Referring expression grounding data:
──────────

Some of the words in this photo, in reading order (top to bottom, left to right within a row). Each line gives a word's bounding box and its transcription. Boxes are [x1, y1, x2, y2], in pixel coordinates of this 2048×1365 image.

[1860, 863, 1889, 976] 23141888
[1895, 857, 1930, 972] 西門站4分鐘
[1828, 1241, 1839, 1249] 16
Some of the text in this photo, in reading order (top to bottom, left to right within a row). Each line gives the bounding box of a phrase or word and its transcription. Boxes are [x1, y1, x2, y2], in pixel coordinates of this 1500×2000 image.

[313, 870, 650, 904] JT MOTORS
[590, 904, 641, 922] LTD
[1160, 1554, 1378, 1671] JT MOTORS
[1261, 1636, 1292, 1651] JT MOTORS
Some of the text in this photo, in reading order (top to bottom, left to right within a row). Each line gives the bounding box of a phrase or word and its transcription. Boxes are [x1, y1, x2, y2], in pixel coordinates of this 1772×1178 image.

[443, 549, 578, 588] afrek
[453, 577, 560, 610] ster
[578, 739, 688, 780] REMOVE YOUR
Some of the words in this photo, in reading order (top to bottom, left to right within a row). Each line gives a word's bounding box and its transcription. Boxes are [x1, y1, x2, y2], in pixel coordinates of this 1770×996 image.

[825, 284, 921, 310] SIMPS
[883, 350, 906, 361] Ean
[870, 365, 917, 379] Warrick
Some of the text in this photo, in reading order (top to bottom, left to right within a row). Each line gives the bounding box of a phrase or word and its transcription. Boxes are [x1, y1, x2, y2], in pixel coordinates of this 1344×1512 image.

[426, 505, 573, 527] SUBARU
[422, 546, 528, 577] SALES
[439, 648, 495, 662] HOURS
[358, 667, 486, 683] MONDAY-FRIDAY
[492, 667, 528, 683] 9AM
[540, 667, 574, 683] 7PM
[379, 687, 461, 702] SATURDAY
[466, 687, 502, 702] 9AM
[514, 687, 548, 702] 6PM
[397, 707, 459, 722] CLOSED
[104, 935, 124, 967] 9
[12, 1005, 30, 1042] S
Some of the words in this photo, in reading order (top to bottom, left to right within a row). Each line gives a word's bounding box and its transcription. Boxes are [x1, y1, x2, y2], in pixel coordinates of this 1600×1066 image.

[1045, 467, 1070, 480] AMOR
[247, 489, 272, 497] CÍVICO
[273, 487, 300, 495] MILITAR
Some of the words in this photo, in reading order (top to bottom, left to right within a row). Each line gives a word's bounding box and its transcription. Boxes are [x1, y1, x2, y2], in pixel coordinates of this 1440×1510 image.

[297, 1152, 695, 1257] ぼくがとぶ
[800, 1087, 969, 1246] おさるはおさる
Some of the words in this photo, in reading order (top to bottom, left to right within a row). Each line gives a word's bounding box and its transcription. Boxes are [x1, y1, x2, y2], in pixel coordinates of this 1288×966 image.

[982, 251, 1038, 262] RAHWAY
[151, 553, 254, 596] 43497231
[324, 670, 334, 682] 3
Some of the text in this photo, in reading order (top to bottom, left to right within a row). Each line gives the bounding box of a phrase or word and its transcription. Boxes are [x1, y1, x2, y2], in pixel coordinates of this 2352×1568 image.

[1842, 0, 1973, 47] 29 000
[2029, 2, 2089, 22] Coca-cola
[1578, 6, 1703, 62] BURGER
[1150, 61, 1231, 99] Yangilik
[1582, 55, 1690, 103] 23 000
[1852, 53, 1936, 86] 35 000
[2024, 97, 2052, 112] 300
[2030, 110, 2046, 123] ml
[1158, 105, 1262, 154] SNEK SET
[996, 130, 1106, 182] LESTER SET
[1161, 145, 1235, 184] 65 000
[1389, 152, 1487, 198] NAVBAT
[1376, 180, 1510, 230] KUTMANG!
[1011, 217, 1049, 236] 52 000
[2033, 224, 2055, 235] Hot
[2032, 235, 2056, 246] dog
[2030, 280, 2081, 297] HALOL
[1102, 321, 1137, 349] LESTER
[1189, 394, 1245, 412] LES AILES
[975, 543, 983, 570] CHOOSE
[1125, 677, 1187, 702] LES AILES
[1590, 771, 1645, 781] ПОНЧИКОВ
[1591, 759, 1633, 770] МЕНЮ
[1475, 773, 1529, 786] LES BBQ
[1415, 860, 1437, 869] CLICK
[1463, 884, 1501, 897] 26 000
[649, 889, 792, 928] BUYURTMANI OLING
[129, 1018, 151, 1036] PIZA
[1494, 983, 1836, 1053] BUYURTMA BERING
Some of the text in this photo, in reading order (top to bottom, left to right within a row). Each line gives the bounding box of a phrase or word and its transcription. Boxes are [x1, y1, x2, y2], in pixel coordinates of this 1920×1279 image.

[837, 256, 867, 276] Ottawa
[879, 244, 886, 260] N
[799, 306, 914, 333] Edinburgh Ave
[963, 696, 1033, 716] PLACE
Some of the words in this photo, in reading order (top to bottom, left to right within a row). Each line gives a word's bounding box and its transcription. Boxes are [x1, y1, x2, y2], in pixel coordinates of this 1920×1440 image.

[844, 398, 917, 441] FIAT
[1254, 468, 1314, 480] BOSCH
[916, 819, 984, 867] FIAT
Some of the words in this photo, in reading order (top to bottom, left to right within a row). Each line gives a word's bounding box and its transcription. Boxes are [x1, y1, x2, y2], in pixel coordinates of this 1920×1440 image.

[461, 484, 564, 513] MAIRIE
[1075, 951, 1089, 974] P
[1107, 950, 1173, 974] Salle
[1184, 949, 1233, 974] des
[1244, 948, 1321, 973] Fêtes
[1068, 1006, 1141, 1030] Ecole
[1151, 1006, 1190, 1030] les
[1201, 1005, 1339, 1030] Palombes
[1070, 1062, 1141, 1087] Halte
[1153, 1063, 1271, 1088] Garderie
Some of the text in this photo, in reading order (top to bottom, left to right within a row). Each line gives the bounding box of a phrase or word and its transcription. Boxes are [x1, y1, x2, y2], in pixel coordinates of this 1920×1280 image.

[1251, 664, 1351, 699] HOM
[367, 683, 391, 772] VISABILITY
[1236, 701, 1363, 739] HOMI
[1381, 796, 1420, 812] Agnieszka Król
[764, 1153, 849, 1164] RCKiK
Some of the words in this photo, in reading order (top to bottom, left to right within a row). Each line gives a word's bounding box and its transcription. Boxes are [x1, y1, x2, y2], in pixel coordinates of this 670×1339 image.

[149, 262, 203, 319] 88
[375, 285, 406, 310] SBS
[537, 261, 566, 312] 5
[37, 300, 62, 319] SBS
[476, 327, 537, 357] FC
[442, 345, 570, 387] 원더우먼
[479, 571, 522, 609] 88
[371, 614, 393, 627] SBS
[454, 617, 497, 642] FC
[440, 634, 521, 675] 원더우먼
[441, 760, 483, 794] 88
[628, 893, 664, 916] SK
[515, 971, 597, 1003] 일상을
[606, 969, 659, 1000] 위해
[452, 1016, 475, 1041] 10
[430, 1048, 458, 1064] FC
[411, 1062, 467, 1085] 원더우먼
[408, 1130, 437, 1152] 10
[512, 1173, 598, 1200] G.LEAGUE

──────────

WHAT TO DO. Copy the data. Make sure every line matches exactly.

OUTPUT OF THE TASK.
Some of the words in this photo, in reading order (top to bottom, left to right within a row). Each line gives a word's bounding box and its transcription. Boxes are [x1, y1, x2, y2], in pixel coordinates of this 2048×1365 image.

[1860, 863, 1889, 976] 23141888
[1895, 857, 1930, 972] 西門站4分鐘
[1828, 1241, 1839, 1249] 16
Some of the text in this photo, in reading order (top to bottom, left to right within a row). Each line gives the bounding box of a phrase or word and its transcription. Boxes are [x1, y1, x2, y2], in pixel coordinates of this 1500×2000 image.

[313, 870, 650, 904] JT MOTORS
[590, 904, 641, 922] LTD
[1160, 1554, 1378, 1671] JT MOTORS
[1261, 1636, 1292, 1651] JT MOTORS
Some of the text in this photo, in reading order (top to bottom, left to right within a row). Each line gives the bounding box of a phrase or word and its transcription. Boxes are [x1, y1, x2, y2], in pixel coordinates of this 1772×1178 image.

[443, 549, 578, 588] afrek
[453, 577, 560, 610] ster
[578, 739, 688, 780] REMOVE YOUR
Some of the words in this photo, in reading order (top to bottom, left to right within a row). Each line gives a word's bounding box and its transcription. Boxes are [x1, y1, x2, y2], in pixel coordinates of this 1770×996 image.

[825, 284, 921, 310] SIMPS
[883, 350, 906, 361] Ean
[870, 365, 917, 379] Warrick
Some of the text in this photo, in reading order (top to bottom, left to right within a row). Each line gives the bounding box of a phrase or word and its transcription. Boxes are [x1, y1, x2, y2], in pixel coordinates of this 1344×1512 image.

[426, 505, 573, 527] SUBARU
[422, 546, 528, 577] SALES
[439, 648, 495, 662] HOURS
[358, 667, 486, 683] MONDAY-FRIDAY
[492, 667, 528, 683] 9AM
[540, 667, 574, 683] 7PM
[379, 687, 461, 702] SATURDAY
[466, 687, 502, 702] 9AM
[514, 687, 548, 702] 6PM
[397, 707, 459, 722] CLOSED
[104, 935, 124, 967] 9
[12, 1005, 30, 1042] S
Some of the words in this photo, in reading order (top to bottom, left to right within a row). Each line gives a word's bounding box and its transcription. Boxes are [x1, y1, x2, y2], in pixel coordinates of this 1600×1066 image.

[1045, 467, 1070, 480] AMOR
[247, 489, 272, 497] CÍVICO
[273, 487, 300, 495] MILITAR
Some of the words in this photo, in reading order (top to bottom, left to right within a row). Each line gives a word's bounding box and its transcription. Boxes are [x1, y1, x2, y2], in pixel coordinates of this 1440×1510 image.

[297, 1152, 695, 1257] ぼくがとぶ
[800, 1087, 969, 1246] おさるはおさる
Some of the words in this photo, in reading order (top to bottom, left to right within a row). Each line gives a word's bounding box and its transcription. Boxes are [x1, y1, x2, y2], in pixel coordinates of this 1288×966 image.

[982, 251, 1038, 262] RAHWAY
[151, 553, 254, 596] 43497231
[324, 670, 334, 682] 3
Some of the text in this photo, in reading order (top to bottom, left to right within a row). Each line gives the bounding box of a phrase or word and its transcription. Boxes are [x1, y1, x2, y2], in pixel coordinates of this 2352×1568 image.

[1842, 0, 1973, 47] 29 000
[2029, 2, 2089, 22] Coca-cola
[1578, 6, 1703, 62] BURGER
[1150, 61, 1231, 99] Yangilik
[1582, 55, 1690, 103] 23 000
[1852, 53, 1936, 86] 35 000
[2024, 97, 2052, 112] 300
[2030, 110, 2046, 123] ml
[1158, 105, 1262, 154] SNEK SET
[996, 130, 1106, 182] LESTER SET
[1161, 145, 1235, 184] 65 000
[1389, 152, 1487, 198] NAVBAT
[1376, 180, 1510, 230] KUTMANG!
[1011, 217, 1049, 236] 52 000
[2033, 224, 2055, 235] Hot
[2032, 235, 2056, 246] dog
[2030, 280, 2081, 297] HALOL
[1102, 321, 1137, 349] LESTER
[1189, 394, 1245, 412] LES AILES
[975, 543, 983, 570] CHOOSE
[1125, 677, 1187, 702] LES AILES
[1590, 771, 1645, 781] ПОНЧИКОВ
[1591, 759, 1633, 770] МЕНЮ
[1475, 773, 1529, 786] LES BBQ
[1415, 860, 1437, 869] CLICK
[1463, 884, 1501, 897] 26 000
[649, 889, 792, 928] BUYURTMANI OLING
[129, 1018, 151, 1036] PIZA
[1494, 983, 1836, 1053] BUYURTMA BERING
Some of the text in this photo, in reading order (top to bottom, left to right within a row). Each line gives the bounding box of a phrase or word and its transcription. Boxes are [x1, y1, x2, y2], in pixel coordinates of this 1920×1279 image.

[837, 256, 867, 276] Ottawa
[879, 244, 886, 260] N
[799, 306, 914, 333] Edinburgh Ave
[963, 696, 1033, 716] PLACE
Some of the words in this photo, in reading order (top to bottom, left to right within a row). Each line gives a word's bounding box and its transcription. Boxes are [x1, y1, x2, y2], in pixel coordinates of this 1920×1440 image.

[844, 398, 917, 441] FIAT
[1254, 468, 1314, 480] BOSCH
[916, 819, 984, 867] FIAT
Some of the words in this photo, in reading order (top to bottom, left to right within a row). Each line gives a word's bounding box and its transcription. Boxes are [x1, y1, x2, y2], in pixel coordinates of this 1920×1440 image.

[461, 484, 564, 513] MAIRIE
[1075, 951, 1089, 974] P
[1107, 950, 1173, 974] Salle
[1184, 949, 1233, 974] des
[1244, 948, 1321, 973] Fêtes
[1068, 1006, 1141, 1030] Ecole
[1151, 1006, 1190, 1030] les
[1201, 1005, 1339, 1030] Palombes
[1070, 1062, 1141, 1087] Halte
[1153, 1063, 1271, 1088] Garderie
Some of the text in this photo, in reading order (top to bottom, left to right within a row). Each line gives the bounding box of a phrase or word and its transcription. Boxes are [x1, y1, x2, y2], in pixel coordinates of this 1920×1280 image.

[1251, 664, 1351, 699] HOM
[367, 683, 391, 772] VISABILITY
[1236, 701, 1363, 739] HOMI
[1381, 796, 1420, 812] Agnieszka Król
[764, 1153, 849, 1164] RCKiK
Some of the words in this photo, in reading order (top to bottom, left to right within a row). Each line gives a word's bounding box and its transcription. Boxes are [x1, y1, x2, y2], in pixel coordinates of this 670×1339 image.

[149, 262, 203, 319] 88
[375, 285, 406, 310] SBS
[537, 261, 566, 312] 5
[37, 300, 62, 319] SBS
[476, 327, 537, 357] FC
[442, 345, 570, 387] 원더우먼
[479, 571, 522, 609] 88
[371, 614, 393, 627] SBS
[454, 617, 497, 642] FC
[440, 634, 521, 675] 원더우먼
[441, 760, 483, 794] 88
[628, 893, 664, 916] SK
[515, 971, 597, 1003] 일상을
[606, 969, 659, 1000] 위해
[452, 1016, 475, 1041] 10
[430, 1048, 458, 1064] FC
[411, 1062, 467, 1085] 원더우먼
[408, 1130, 437, 1152] 10
[512, 1173, 598, 1200] G.LEAGUE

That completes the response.